== Segment start ==

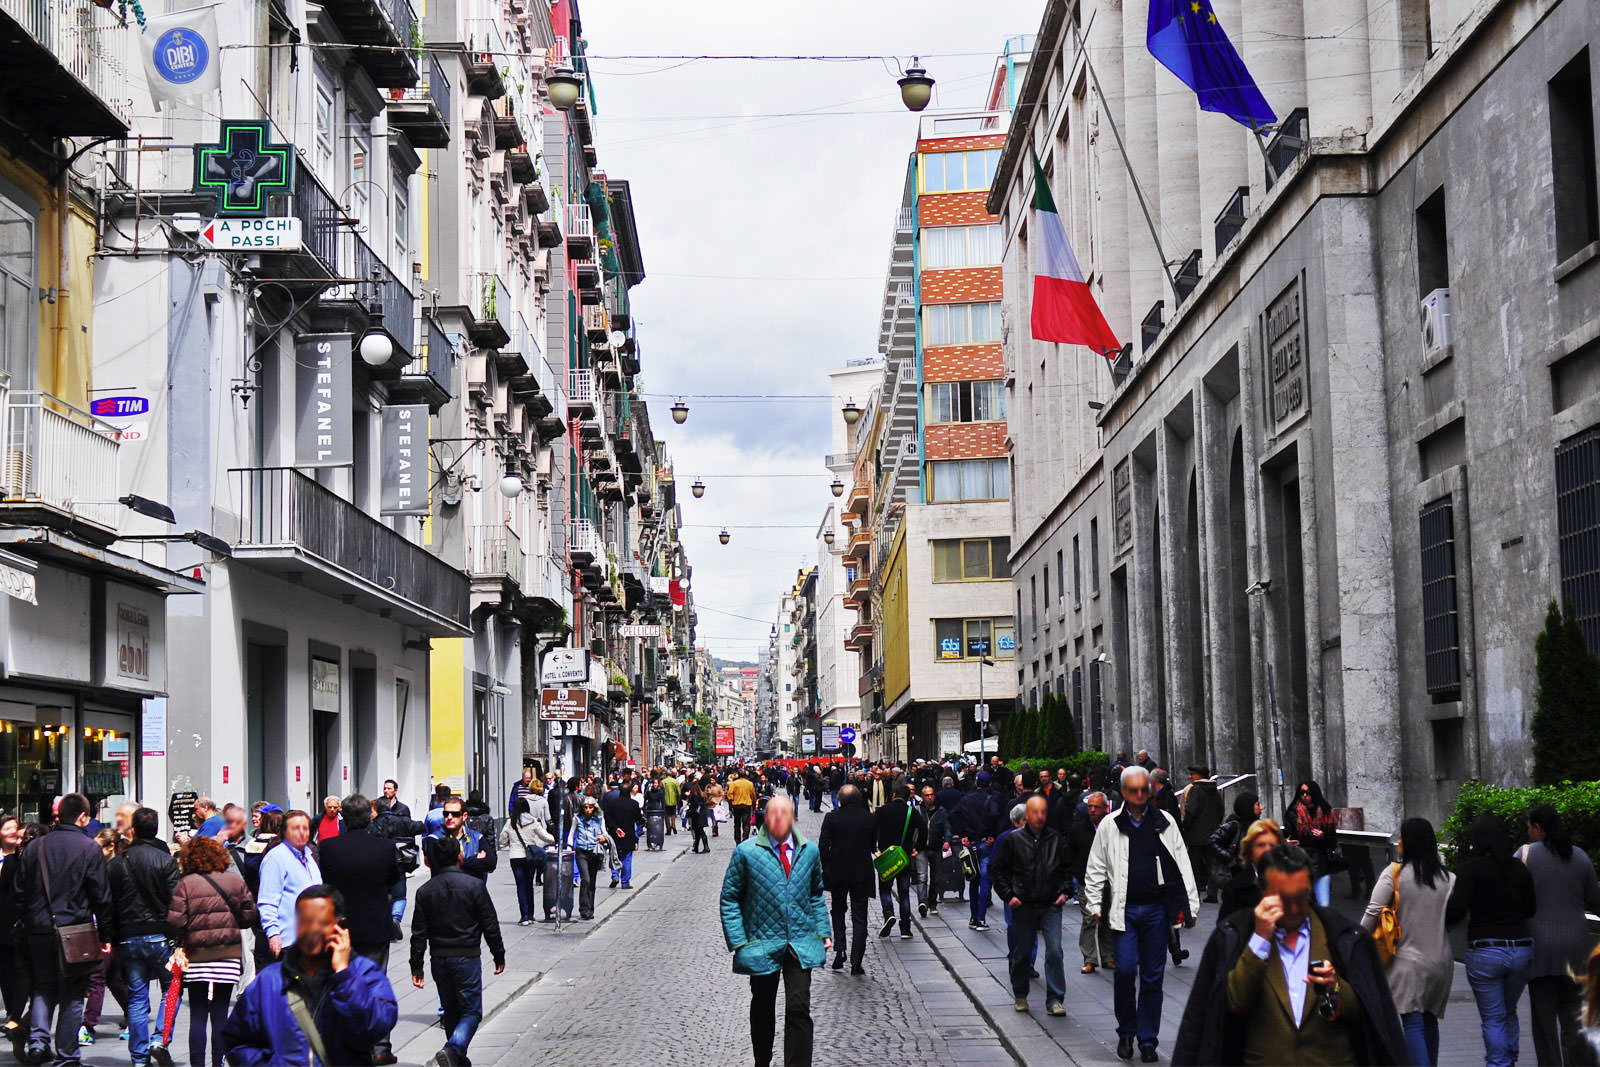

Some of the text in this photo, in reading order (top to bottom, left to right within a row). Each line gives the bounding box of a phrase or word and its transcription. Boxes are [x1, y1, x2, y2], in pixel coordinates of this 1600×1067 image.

[167, 45, 194, 66] DIBI
[220, 220, 292, 232] A POCHI
[231, 235, 280, 247] PASSI
[117, 399, 143, 413] TIM
[317, 342, 332, 461] STEFANEL
[399, 409, 412, 509] STEFANEL
[623, 626, 658, 636] PELLICCE
[940, 637, 960, 651] fabi
[544, 672, 557, 680] HOTEL
[562, 669, 583, 678] CONVENTO

== Segment end ==

▸ YOUR INSTRUCTIONS
Would you please give the material above again, unchanged but without pictures?

▸ RESULT
Some of the text in this photo, in reading order (top to bottom, left to right within a row). Each line gives the bounding box of a phrase or word and its transcription. Boxes are [x1, y1, x2, y2], in pixel coordinates of this 1600×1067 image.

[167, 45, 194, 66] DIBI
[220, 220, 292, 232] A POCHI
[231, 235, 280, 247] PASSI
[117, 399, 143, 413] TIM
[317, 342, 332, 461] STEFANEL
[399, 409, 412, 509] STEFANEL
[623, 626, 658, 636] PELLICCE
[940, 637, 960, 651] fabi
[544, 672, 557, 680] HOTEL
[562, 669, 583, 678] CONVENTO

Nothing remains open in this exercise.